Work request>
The reply has to contain each record exactly as written.

[Start of section]

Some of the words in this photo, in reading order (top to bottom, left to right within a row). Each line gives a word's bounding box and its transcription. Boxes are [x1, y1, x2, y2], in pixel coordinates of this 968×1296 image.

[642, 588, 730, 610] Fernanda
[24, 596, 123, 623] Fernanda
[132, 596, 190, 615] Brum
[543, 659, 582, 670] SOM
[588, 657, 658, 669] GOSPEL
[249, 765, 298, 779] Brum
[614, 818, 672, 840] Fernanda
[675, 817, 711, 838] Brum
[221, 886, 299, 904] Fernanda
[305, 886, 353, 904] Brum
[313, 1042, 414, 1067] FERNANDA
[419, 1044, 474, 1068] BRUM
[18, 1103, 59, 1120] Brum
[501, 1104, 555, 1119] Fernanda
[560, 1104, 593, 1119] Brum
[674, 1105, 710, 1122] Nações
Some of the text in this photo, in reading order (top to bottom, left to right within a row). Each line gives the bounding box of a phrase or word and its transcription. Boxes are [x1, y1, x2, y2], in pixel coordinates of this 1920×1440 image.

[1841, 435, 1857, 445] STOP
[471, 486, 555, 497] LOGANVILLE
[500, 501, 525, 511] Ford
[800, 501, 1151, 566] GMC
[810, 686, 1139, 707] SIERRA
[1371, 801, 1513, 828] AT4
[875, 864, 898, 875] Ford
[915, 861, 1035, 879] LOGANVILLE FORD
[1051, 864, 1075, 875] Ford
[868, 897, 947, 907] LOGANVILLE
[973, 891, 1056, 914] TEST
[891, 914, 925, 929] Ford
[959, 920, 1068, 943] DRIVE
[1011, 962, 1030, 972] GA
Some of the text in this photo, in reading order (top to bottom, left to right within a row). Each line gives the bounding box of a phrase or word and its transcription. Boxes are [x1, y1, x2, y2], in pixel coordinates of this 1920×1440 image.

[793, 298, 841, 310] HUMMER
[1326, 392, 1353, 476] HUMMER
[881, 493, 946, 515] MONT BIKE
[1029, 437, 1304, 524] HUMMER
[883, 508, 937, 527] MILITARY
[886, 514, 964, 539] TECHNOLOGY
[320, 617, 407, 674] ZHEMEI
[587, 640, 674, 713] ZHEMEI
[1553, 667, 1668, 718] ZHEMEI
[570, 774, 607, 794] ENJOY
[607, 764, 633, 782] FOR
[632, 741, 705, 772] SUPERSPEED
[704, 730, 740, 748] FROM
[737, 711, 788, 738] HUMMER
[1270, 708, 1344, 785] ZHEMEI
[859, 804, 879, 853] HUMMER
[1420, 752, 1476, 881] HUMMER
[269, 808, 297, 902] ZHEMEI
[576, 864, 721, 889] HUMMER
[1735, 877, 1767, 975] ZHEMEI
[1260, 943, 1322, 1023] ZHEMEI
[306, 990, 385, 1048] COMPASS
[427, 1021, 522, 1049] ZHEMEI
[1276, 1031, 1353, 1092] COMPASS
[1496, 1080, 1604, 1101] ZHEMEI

[End of section]

Response area>
Some of the words in this photo, in reading order (top to bottom, left to right within a row). Each line gives a word's bounding box and its transcription. Boxes are [x1, y1, x2, y2], in pixel coordinates of this 968×1296 image.

[642, 588, 730, 610] Fernanda
[24, 596, 123, 623] Fernanda
[132, 596, 190, 615] Brum
[543, 659, 582, 670] SOM
[588, 657, 658, 669] GOSPEL
[249, 765, 298, 779] Brum
[614, 818, 672, 840] Fernanda
[675, 817, 711, 838] Brum
[221, 886, 299, 904] Fernanda
[305, 886, 353, 904] Brum
[313, 1042, 414, 1067] FERNANDA
[419, 1044, 474, 1068] BRUM
[18, 1103, 59, 1120] Brum
[501, 1104, 555, 1119] Fernanda
[560, 1104, 593, 1119] Brum
[674, 1105, 710, 1122] Nações
Some of the text in this photo, in reading order (top to bottom, left to right within a row). Each line gives the bounding box of a phrase or word and its transcription. Boxes are [x1, y1, x2, y2], in pixel coordinates of this 1920×1440 image.

[1841, 435, 1857, 445] STOP
[471, 486, 555, 497] LOGANVILLE
[500, 501, 525, 511] Ford
[800, 501, 1151, 566] GMC
[810, 686, 1139, 707] SIERRA
[1371, 801, 1513, 828] AT4
[875, 864, 898, 875] Ford
[915, 861, 1035, 879] LOGANVILLE FORD
[1051, 864, 1075, 875] Ford
[868, 897, 947, 907] LOGANVILLE
[973, 891, 1056, 914] TEST
[891, 914, 925, 929] Ford
[959, 920, 1068, 943] DRIVE
[1011, 962, 1030, 972] GA
Some of the text in this photo, in reading order (top to bottom, left to right within a row). Each line gives the bounding box of a phrase or word and its transcription. Boxes are [x1, y1, x2, y2], in pixel coordinates of this 1920×1440 image.

[793, 298, 841, 310] HUMMER
[1326, 392, 1353, 476] HUMMER
[881, 493, 946, 515] MONT BIKE
[1029, 437, 1304, 524] HUMMER
[883, 508, 937, 527] MILITARY
[886, 514, 964, 539] TECHNOLOGY
[320, 617, 407, 674] ZHEMEI
[587, 640, 674, 713] ZHEMEI
[1553, 667, 1668, 718] ZHEMEI
[570, 774, 607, 794] ENJOY
[607, 764, 633, 782] FOR
[632, 741, 705, 772] SUPERSPEED
[704, 730, 740, 748] FROM
[737, 711, 788, 738] HUMMER
[1270, 708, 1344, 785] ZHEMEI
[859, 804, 879, 853] HUMMER
[1420, 752, 1476, 881] HUMMER
[269, 808, 297, 902] ZHEMEI
[576, 864, 721, 889] HUMMER
[1735, 877, 1767, 975] ZHEMEI
[1260, 943, 1322, 1023] ZHEMEI
[306, 990, 385, 1048] COMPASS
[427, 1021, 522, 1049] ZHEMEI
[1276, 1031, 1353, 1092] COMPASS
[1496, 1080, 1604, 1101] ZHEMEI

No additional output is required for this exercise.